▶ **Assignment**
Return all the entries exactly, keeping pictures out.

[Text-to-region grounding data]
· · ·

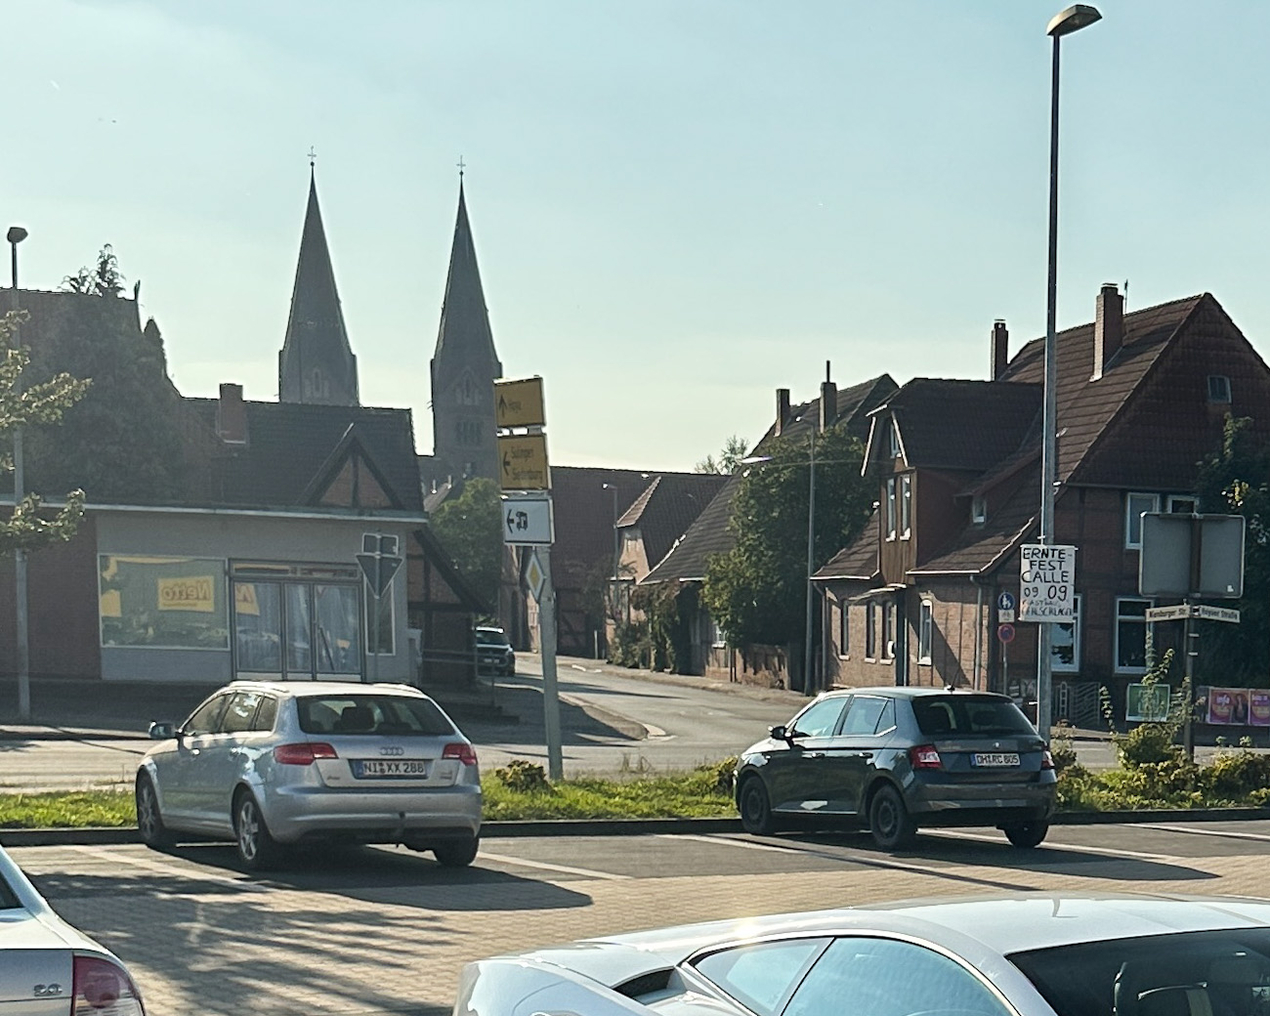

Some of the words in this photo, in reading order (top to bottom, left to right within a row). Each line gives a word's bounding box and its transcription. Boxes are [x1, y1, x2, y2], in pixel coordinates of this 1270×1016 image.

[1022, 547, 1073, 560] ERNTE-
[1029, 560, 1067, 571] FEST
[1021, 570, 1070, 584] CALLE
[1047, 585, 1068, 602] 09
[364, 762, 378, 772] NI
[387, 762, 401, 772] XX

· · ·

▶ **Answer**
Some of the words in this photo, in reading order (top to bottom, left to right within a row). Each line gives a word's bounding box and its transcription. Boxes are [x1, y1, x2, y2], in pixel coordinates of this 1270×1016 image.

[1022, 547, 1073, 560] ERNTE-
[1029, 560, 1067, 571] FEST
[1021, 570, 1070, 584] CALLE
[1047, 585, 1068, 602] 09
[364, 762, 378, 772] NI
[387, 762, 401, 772] XX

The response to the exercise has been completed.